I just took an exam, and one of the questions had a load with a power factor that was leading. ALL of our examples have dealt with LAGGING power factors, so I was unsure about determining the angle.

So for example)

$$pf_{load1}=0.9\,\,\,LEADING$$

would the angle be negative? like...
$$\theta_{z\,\,load1}=-\cos^{-1}(0.9)$$

Last edited: Jul 6, 2006
2. Jul 6, 2006

Sorry for the double post. I do not know how to delete this thread.

3. Jul 12, 2006

### xw3850

Basically,
The phase can vary between pi/2 and -pi/2.
When phase >= 0, then the load is capacitive because the maximum current comes before the maximum voltage. This is leading.

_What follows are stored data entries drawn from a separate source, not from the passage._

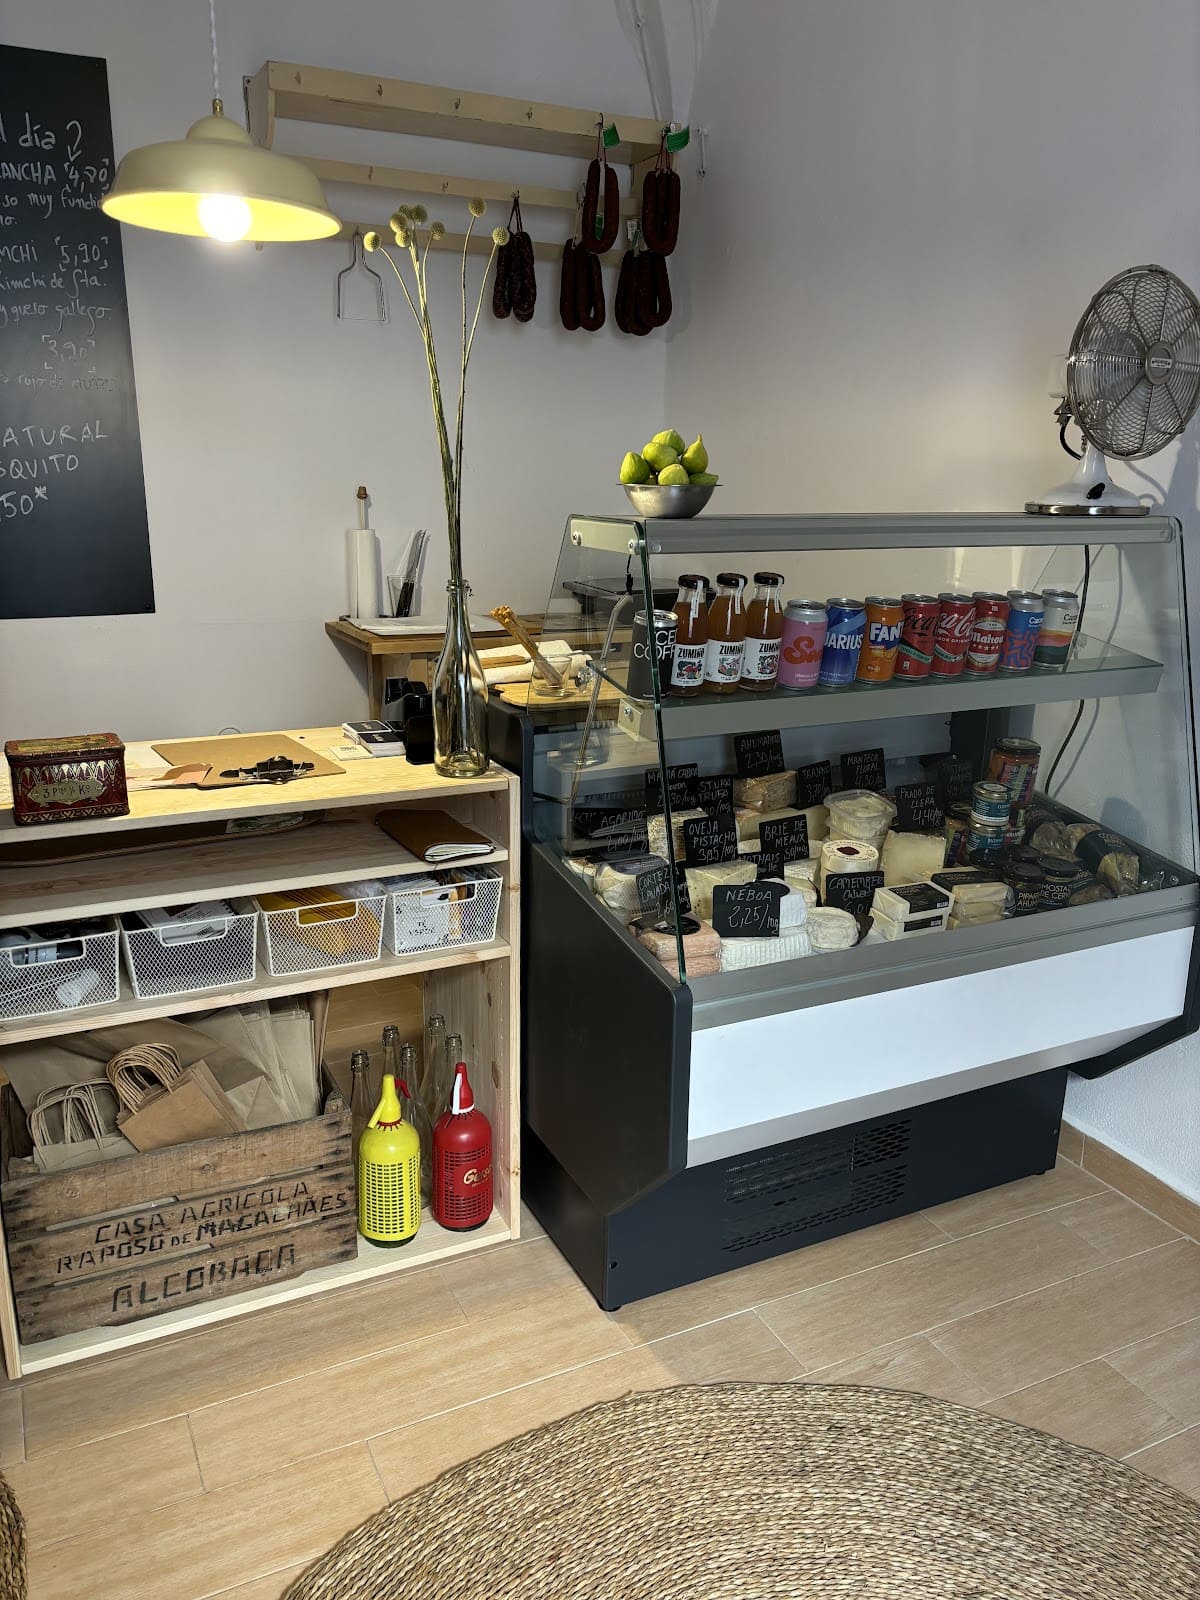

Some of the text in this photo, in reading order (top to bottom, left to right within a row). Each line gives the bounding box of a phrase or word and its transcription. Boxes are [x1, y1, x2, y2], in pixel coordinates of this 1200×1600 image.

[18, 111, 56, 150] día
[0, 161, 57, 185] ANCHA
[27, 193, 53, 220] muy
[60, 185, 100, 210] fundi
[50, 273, 65, 289] de
[869, 621, 904, 642] FAN
[688, 820, 719, 836] OVEJA
[764, 819, 807, 841] BRIE DE
[693, 831, 736, 849] PISTACHO
[726, 889, 772, 902] NEBOA
[95, 1181, 309, 1244] CASA AGRICOLA
[56, 1233, 165, 1274] RAPOSO
[171, 1232, 192, 1247] DE

When phase < 0, then the load is inductive because the maximum voltage comes before the maximum current. This is lagging.

Now,
power factor is defined as

power-factor = cos(phase)

and the idea is to solve for the phase.

so, if you are given just pf = 0.9 then this is vague because

0.9 = cos(t) -> t = -0.45, 0.45

which to choose?

if pf = 0.9 leading then we know phase >=0 so choose 0.45
if pf = 0.9 lagging then we know phase < 0 so choose -0.45

4. Jul 12, 2006

### xw3850

actually,
just to be 100% clear I guess I should have stated

when phase = 0 then the load is purely resistive because the maximum current happens at the same time as the maximum voltage. Here pf = 1 and the leading and lagging term obviously do not appply.